Sessions
May 21, 2026 · View on GitHub
HTTP session cookie configuration.
session:
ttlMinutes: 60
cookieName: horizon_sid
cookieSecure: false
Fields
| Field | Type | Default | Required | Notes |
|---|---|---|---|---|
ttlMinutes | number | 60 | no | Session lifetime in minutes. Sessions are sliding: each request bumps lastSeenAt. A session that goes idle for longer than ttlMinutes is reaped and the next request returns 401. Positive integer. |
cookieName | string | horizon_sid | no | Name of the session cookie. Change only if you are running multiple Horizon instances on the same hostname / different paths and need distinct cookies. |
cookieSecure | boolean | false | no | When true, cookies carry the Secure flag (browser only sends over HTTPS). Set to true in production behind a TLS terminator. |
Cookie shape (set on login)
| Attribute | Value | Source |
|---|---|---|
| name | cookieName | config |
| value | 256-bit base64url random session id | server |
HttpOnly | always | server |
SameSite | Strict | server |
Secure | per cookieSecure | config |
Path | / | server |
The cookie carries only a session id.

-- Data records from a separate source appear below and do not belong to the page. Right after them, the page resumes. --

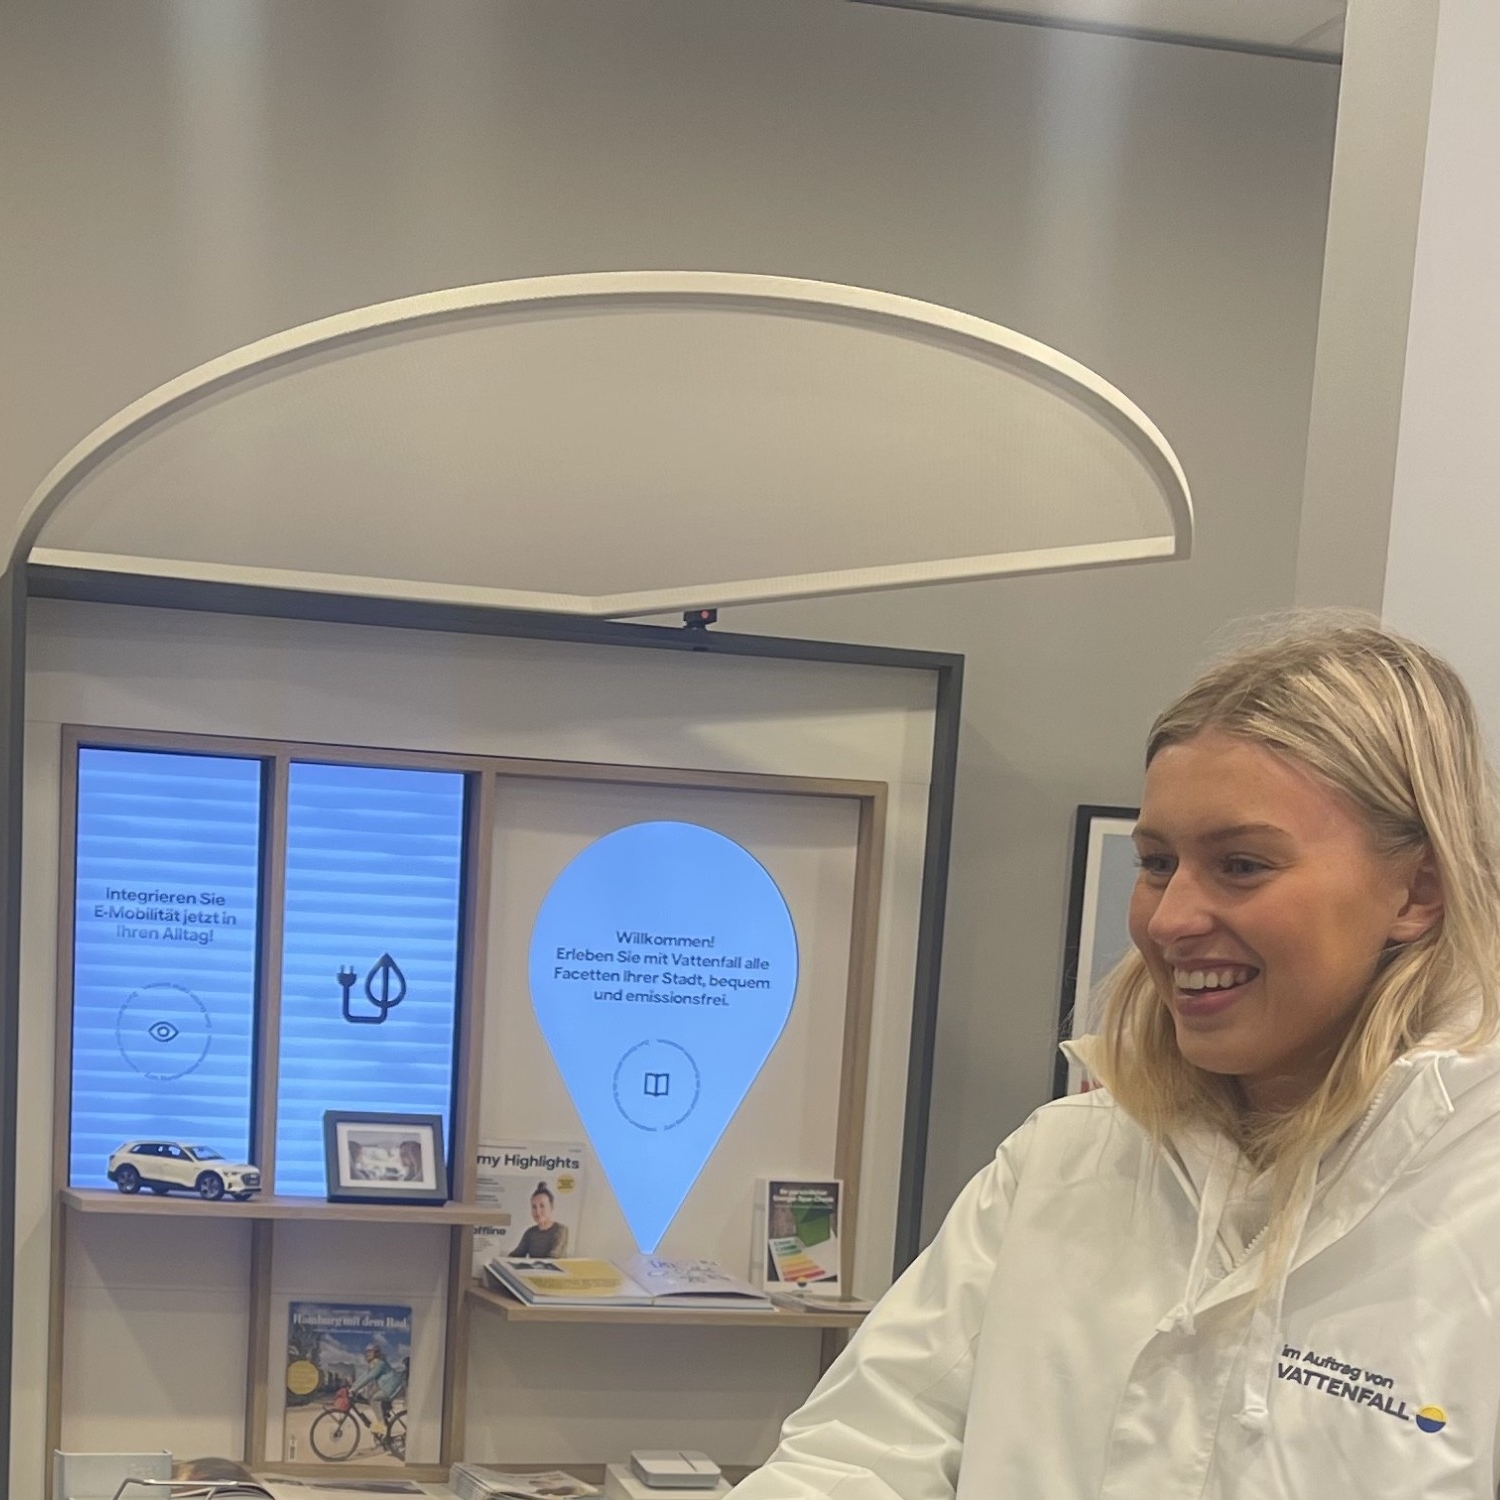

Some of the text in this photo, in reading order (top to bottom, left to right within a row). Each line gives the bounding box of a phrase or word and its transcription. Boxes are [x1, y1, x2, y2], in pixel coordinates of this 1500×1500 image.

[105, 887, 226, 906] Integrieren Sie
[94, 904, 237, 926] E-Mobilität jetzt in
[116, 924, 214, 945] Ihren Alltag!
[616, 931, 715, 948] Willkommen!
[556, 947, 770, 970] Erleben Sie mit Vattenfall alle
[553, 967, 771, 991] Facetten Ihrer Stadt, bequem
[593, 989, 730, 1006] und emissionsfrei.
[476, 1154, 580, 1171] my Highlights
[293, 1313, 342, 1328] Hamburg
[361, 1315, 385, 1327] dem
[1281, 1343, 1394, 1389] im Auftrag von
[1277, 1362, 1409, 1421] VATTENFALL

The server-side session map holds username, roles, createdAt, lastSeenAt. Sessions are in-memory only — a BFF restart invalidates every session.
Session storage
- In-memory
Map<sid, Session>. - A background reaper (60 s interval) deletes expired sessions.
sessions.touch(sid)extendslastSeenAton every authenticated request.sessions.get(sid)is a read-without-touch path used by some identity-only checks.

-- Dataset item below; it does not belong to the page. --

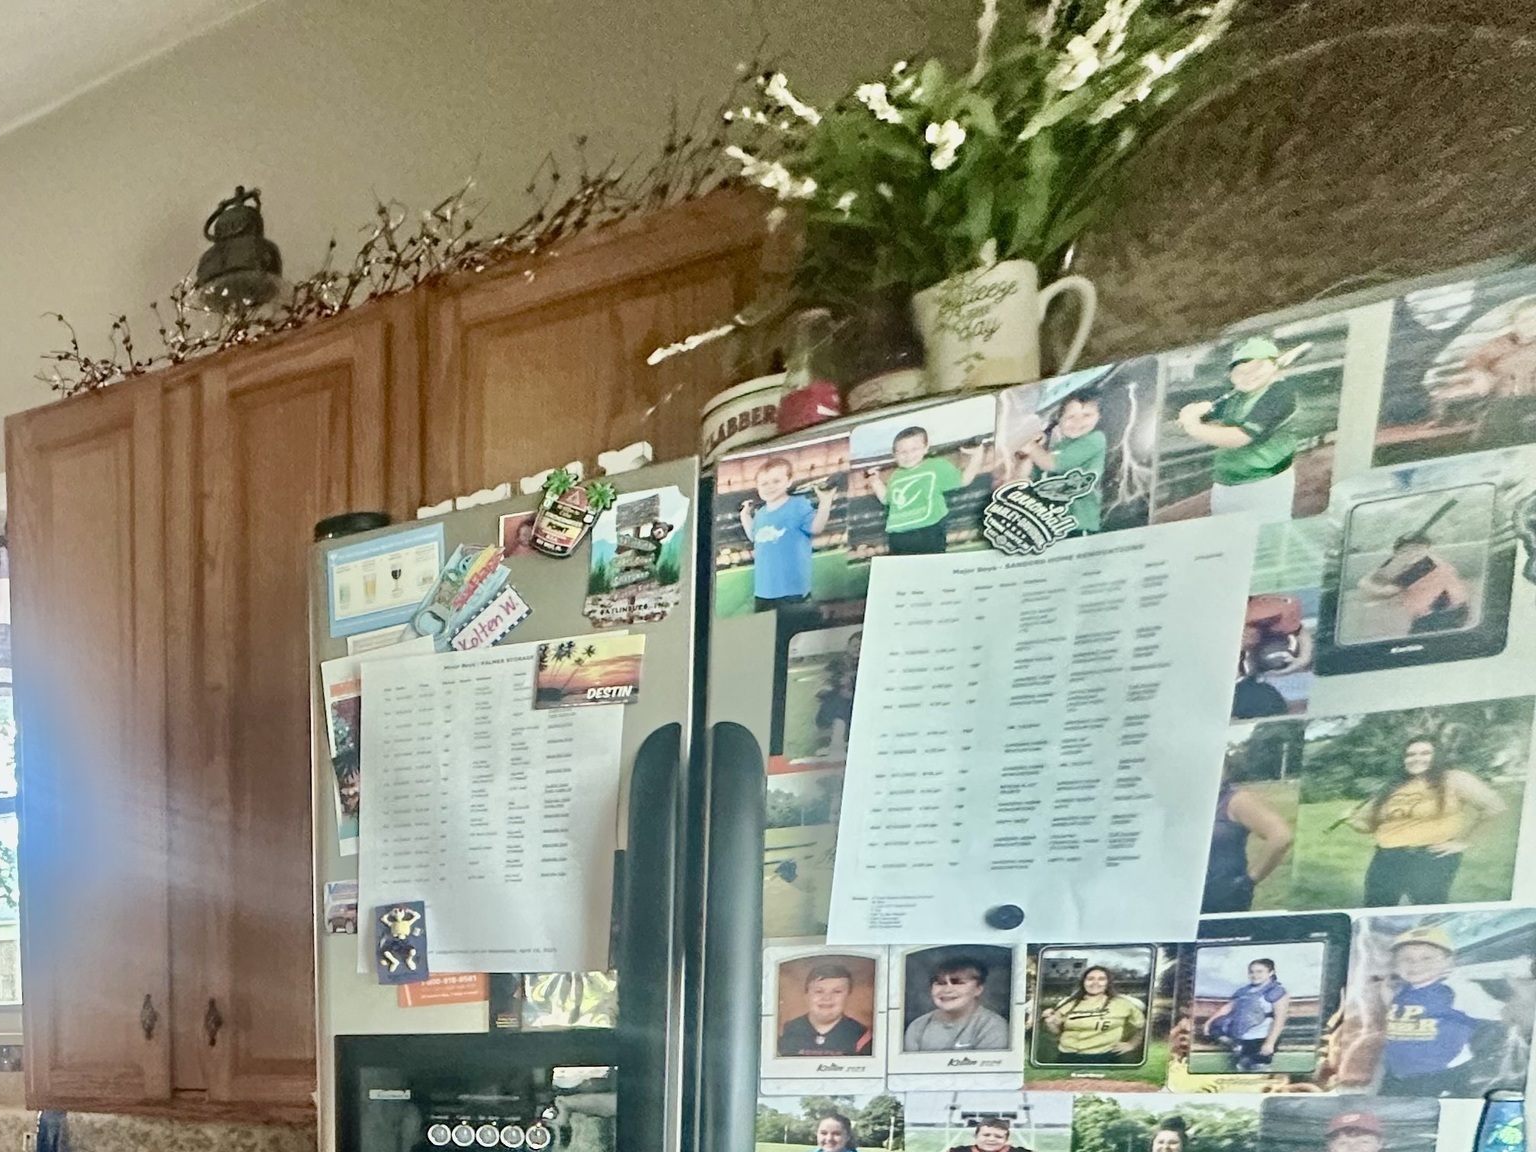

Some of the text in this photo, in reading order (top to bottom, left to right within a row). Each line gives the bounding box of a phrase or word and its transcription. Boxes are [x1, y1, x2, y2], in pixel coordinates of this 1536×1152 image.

There is no shared session store between BFF instances. If you run multiple BFF replicas behind a load balancer, use sticky sessions, or accept that a failover causes a re-login.
Hot reload
ttlMinuteschange applies to new sessions. Existing sessions keep their original TTL.cookieNamechange applies on next login. Existing sessions become unrecognized (the old cookie name is no longer read) — effectively a forced re-login for already-signed-in users.cookieSecurechange applies on next login.
Operational notes
- A BFF restart invalidates all sessions. Plan rolling restarts accordingly.
- The session count is exposed on the Admin → Auth Status page (
/admin/auth-status) as "Active sessions". - There is no "remember me" / refresh-token mechanism. Sliding TTL is the only extension.